Fewer people planning to enter housing market – report

Affordability concerns and the fear of more interest rate hikes mean fewer people are planning to enter the housing market, according to new data from Commonwealth Bank.

Home-buying spending fell by 21.5% last month after gains in February and March, and is 13.1% lower than in April 2021, according to CBA.

The CommBank Household Spending Intentions Index fell by 3.8% to 112.3 last month after hitting a record high in March, The Australian reported. The drop was driven by falls in home buying, health and fitness, and transport spending.

However, spending on the travel, entertainment and retail sectors was up.

The news comes on the heels of last week’s announcement by the Reserve Bank that the cash rate would rise by 0.25%, with a warning that more rises were on the way.

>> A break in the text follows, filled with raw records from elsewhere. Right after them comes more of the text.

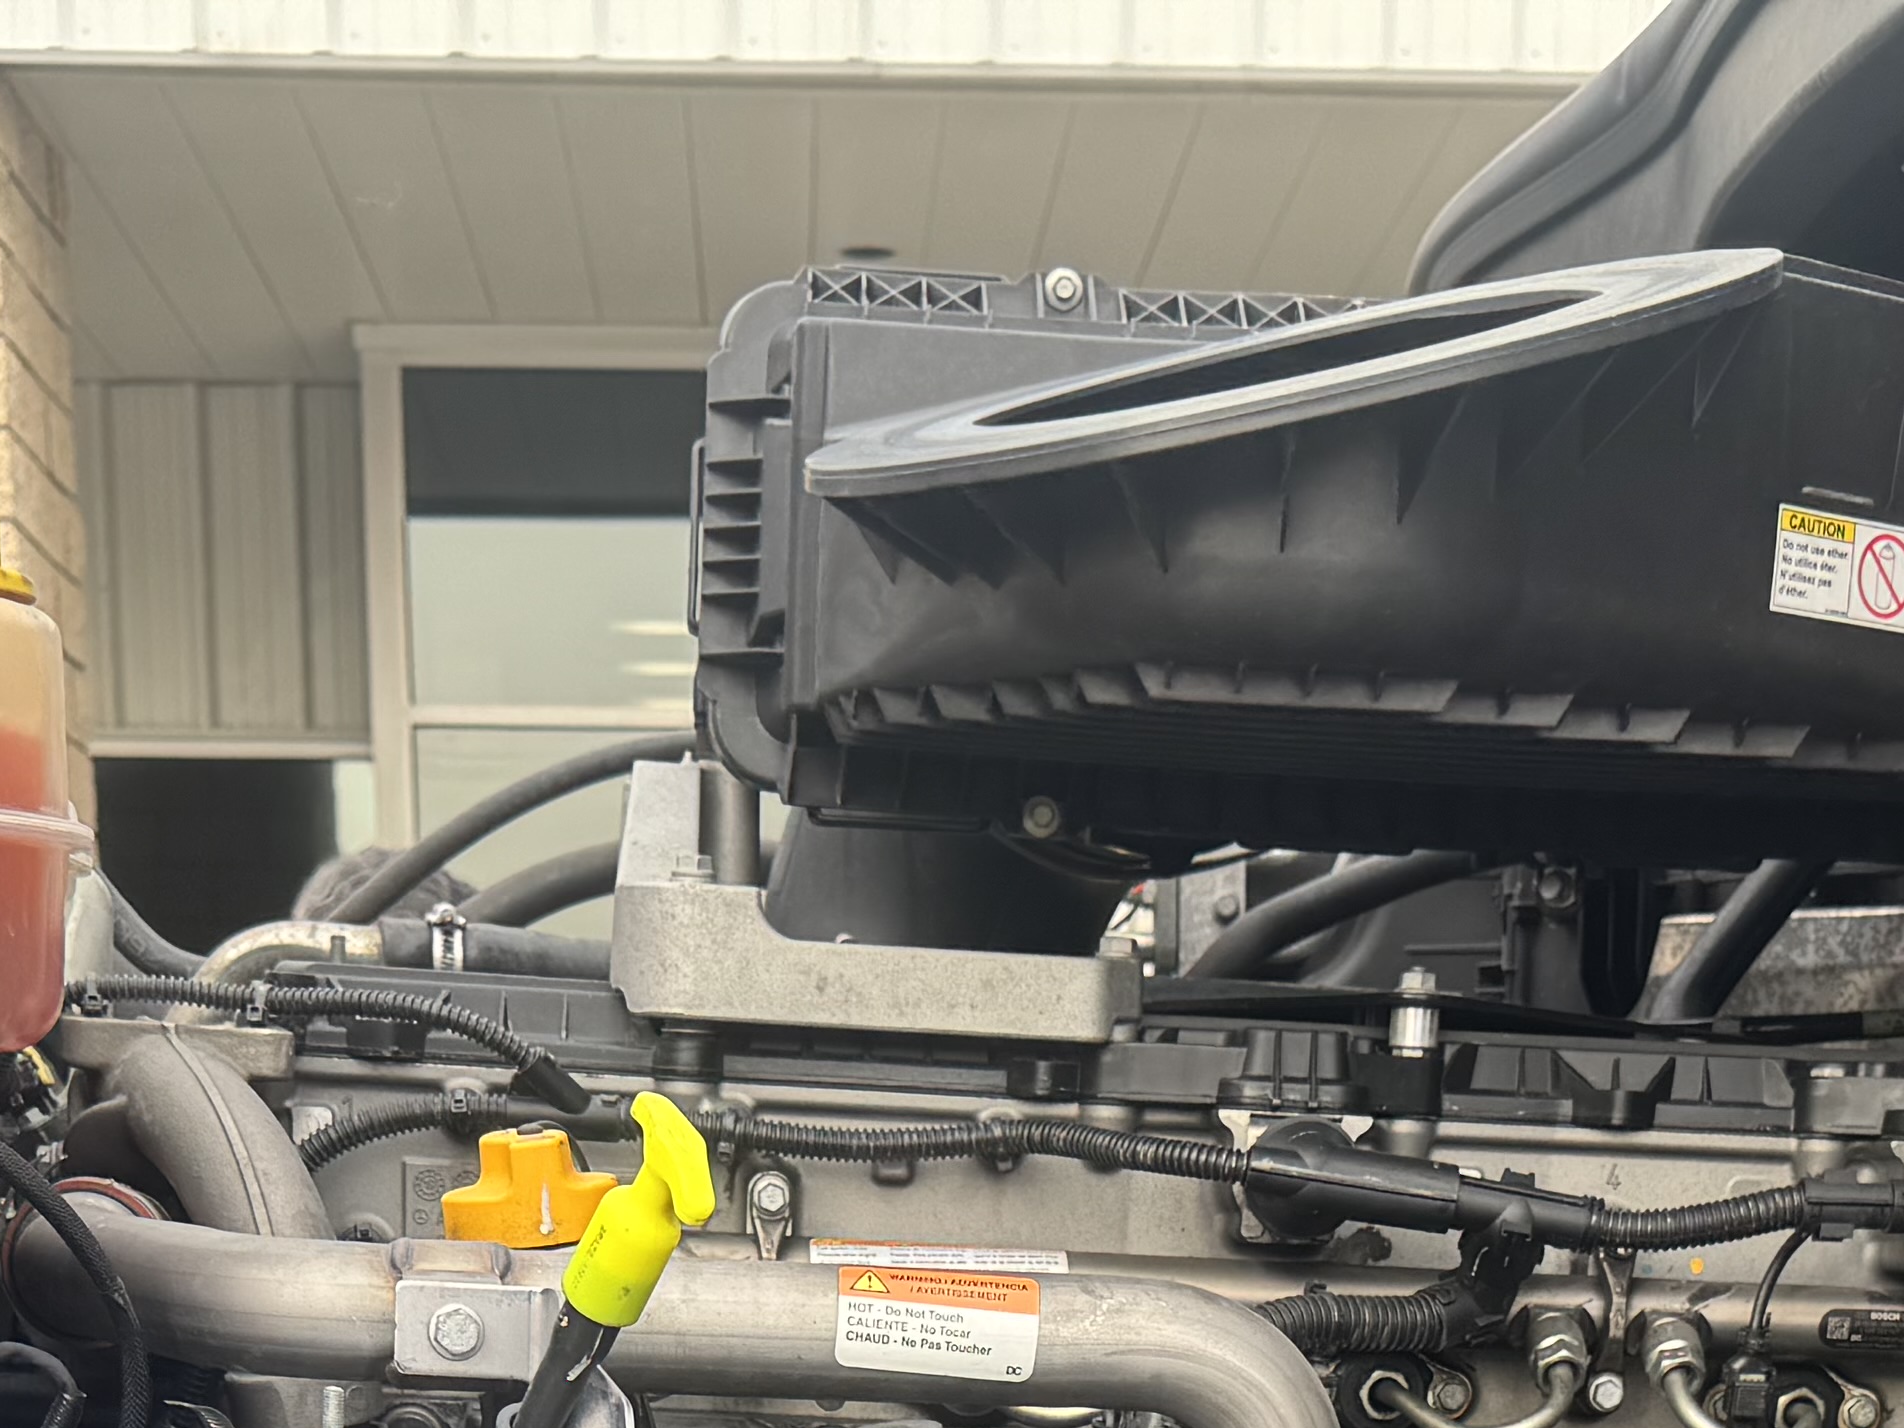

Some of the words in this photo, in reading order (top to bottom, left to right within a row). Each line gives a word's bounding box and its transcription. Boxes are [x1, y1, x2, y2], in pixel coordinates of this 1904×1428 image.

[1789, 514, 1846, 540] CAUTION
[1782, 538, 1794, 549] Do
[1796, 542, 1808, 551] not
[1811, 546, 1825, 556] use
[889, 1273, 941, 1286] WARNING
[951, 1278, 1028, 1293] ADVERTENCIA
[916, 1286, 1008, 1302] AVERTISSEMENT
[848, 1302, 873, 1314] HOT
[885, 1305, 901, 1316] Do
[905, 1307, 925, 1319] Not
[929, 1309, 964, 1324] Touch
[1870, 1312, 1900, 1321] BOSCH
[847, 1315, 908, 1332] CALIENTE
[920, 1323, 936, 1335] No
[940, 1326, 971, 1340] Tocar
[846, 1331, 890, 1345] CHAUD
[920, 1339, 941, 1351] Pas
[945, 1341, 992, 1356] Toucher
[1006, 1366, 1022, 1376] DC
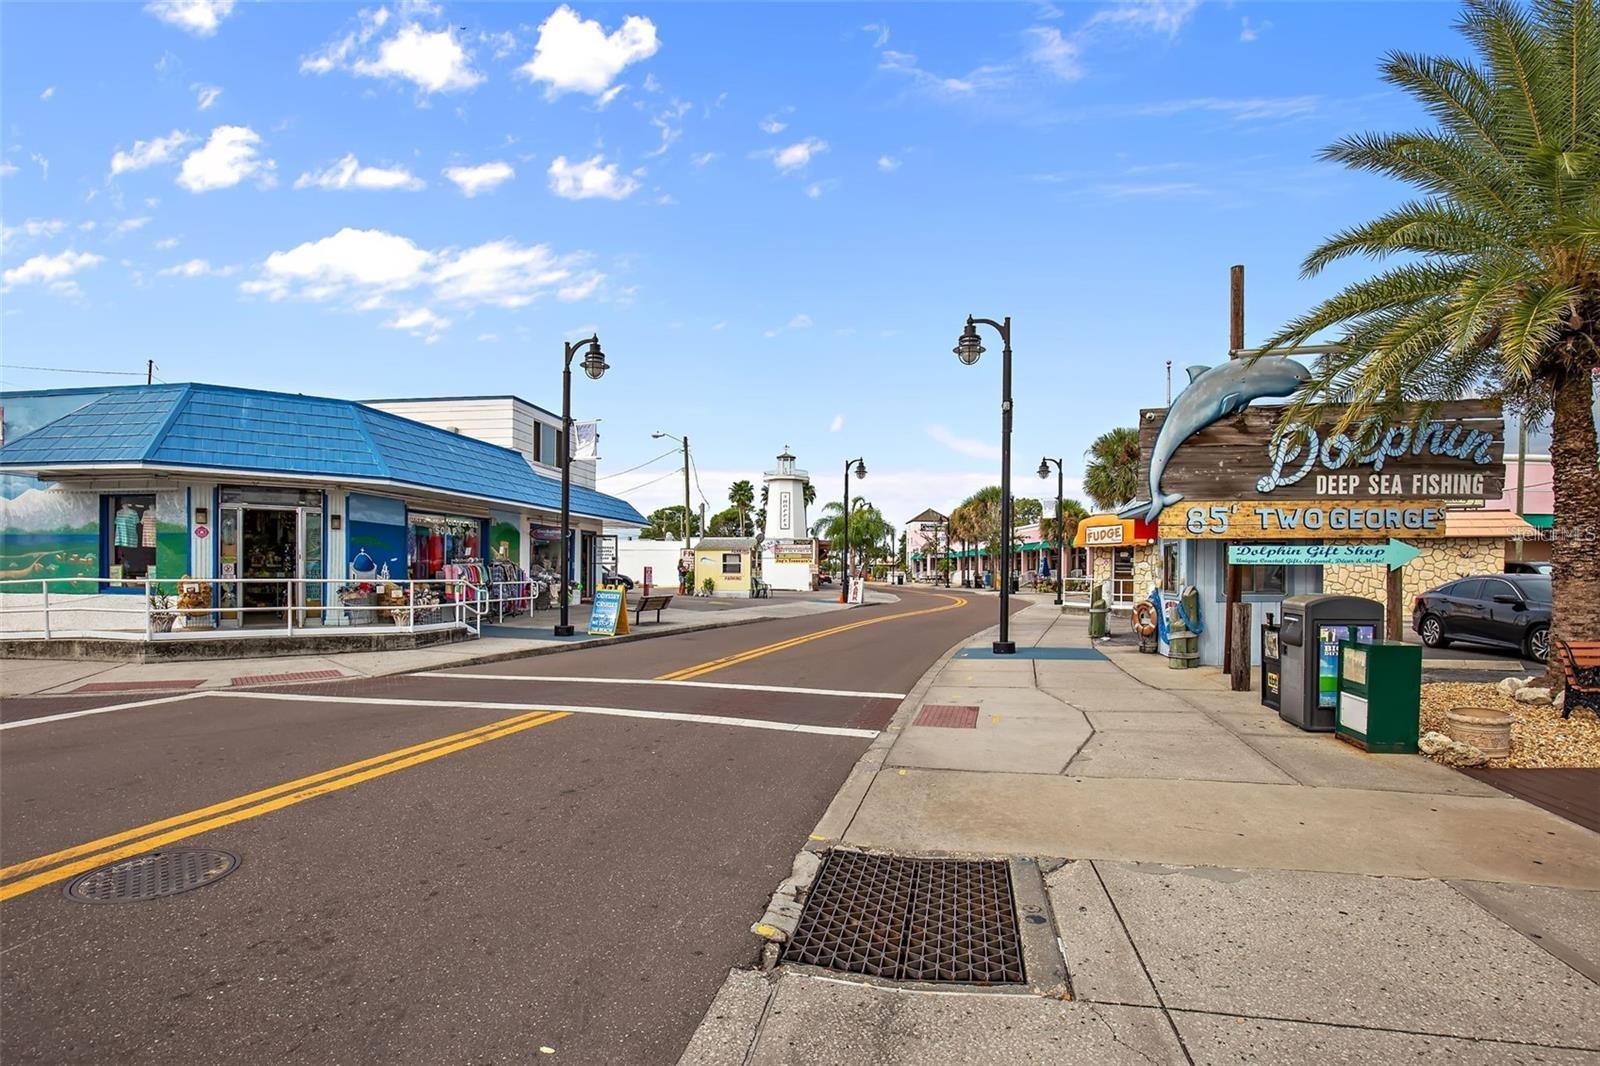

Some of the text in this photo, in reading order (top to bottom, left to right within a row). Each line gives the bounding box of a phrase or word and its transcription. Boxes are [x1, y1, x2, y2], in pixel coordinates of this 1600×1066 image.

[1256, 421, 1494, 494] Dolphin
[1316, 472, 1484, 496] DEEP SEA FISHING
[1186, 504, 1239, 533] 85'
[1254, 507, 1323, 529] TWO
[435, 526, 457, 536] SOAP
[1088, 527, 1122, 542] FUDGE
[1236, 545, 1386, 558] Dolphin Gift Shop
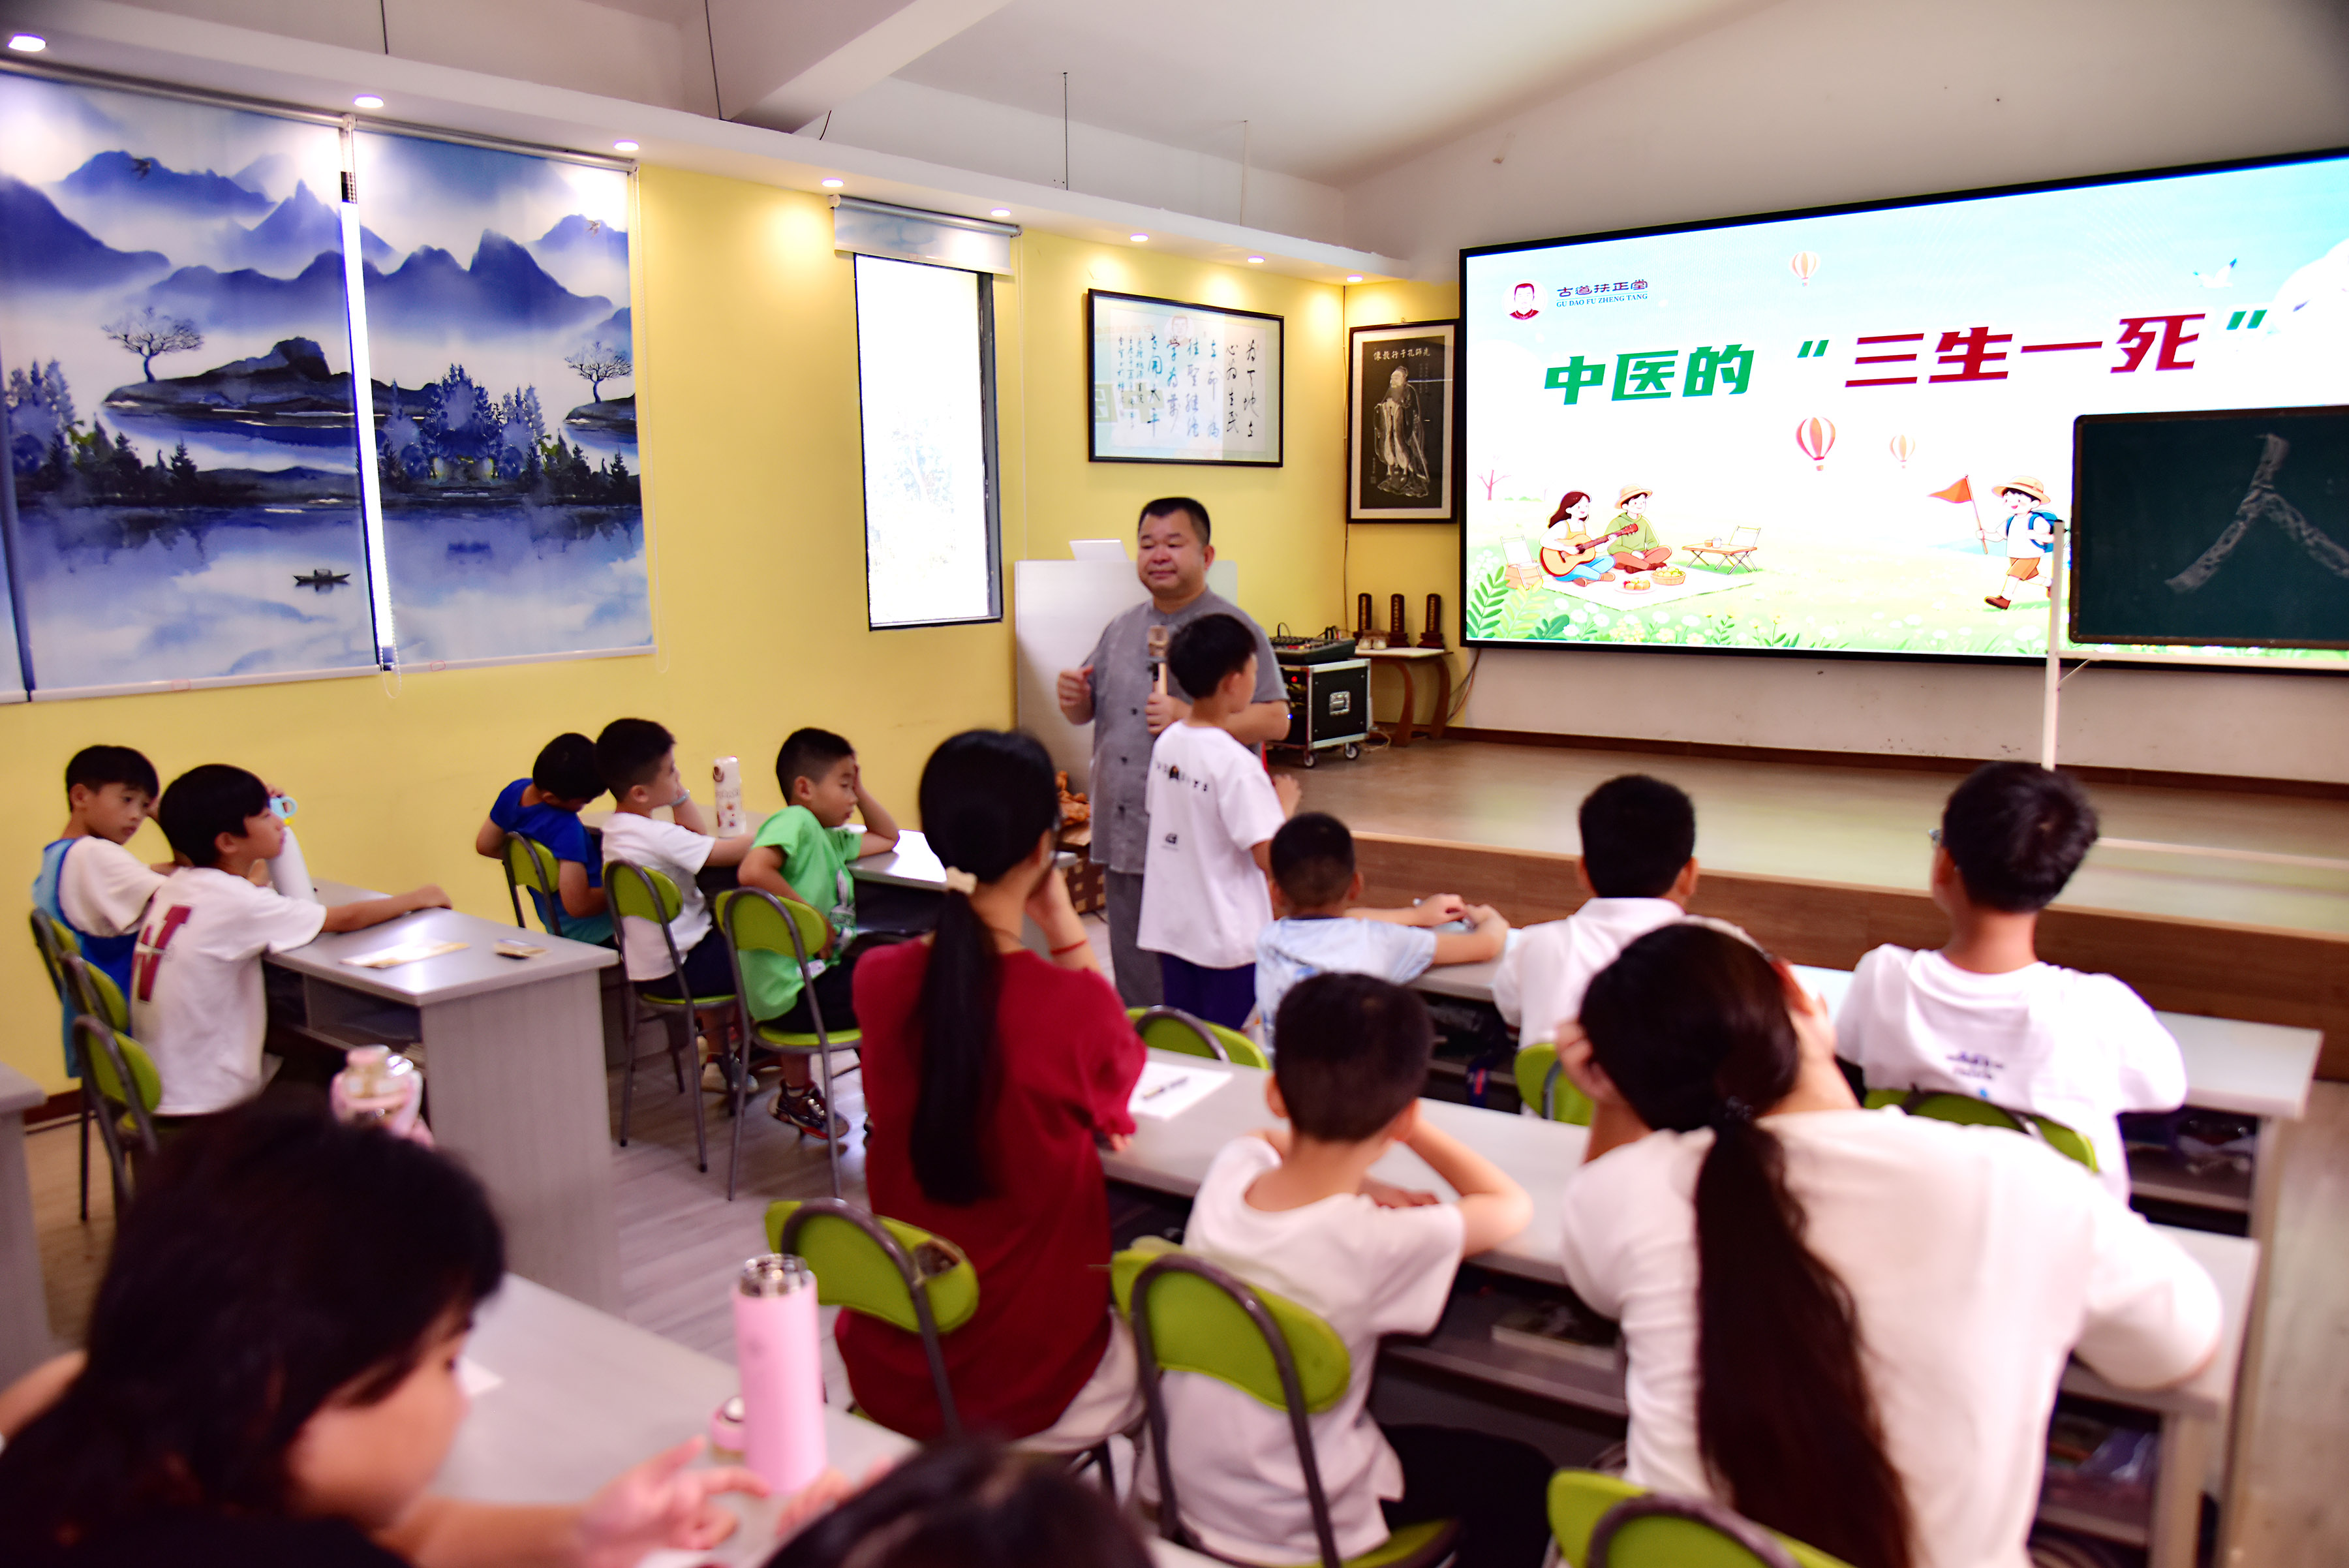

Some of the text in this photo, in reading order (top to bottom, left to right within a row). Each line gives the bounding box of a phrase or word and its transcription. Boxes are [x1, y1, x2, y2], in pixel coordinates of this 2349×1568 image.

“We expect a fairly shallow hiking cycle, with further interest rate hikes in June, July, August and November 2022, and one final hike in February 2023, taking the cash rate to 1.60,” CBA senior economist Belinda Allen told The Australian.

Health and fitness spending fell by 14%, but was still up 2.9% from the same period last year. Transport spending dropped by 8.6%, driven largely by the drop in the petrol excise and lower fuel costs, but remains 13.5% higher than last year.

Travel spending posted a record high last month, up 10.6% month over month and 41% year over year, The Australian reported. Spending rose for travel agents, airlines, cruise ships, tourist attractions and accommodation. There was a drop in camper and RV rentals, indicating a change in travel plans as borders reopened.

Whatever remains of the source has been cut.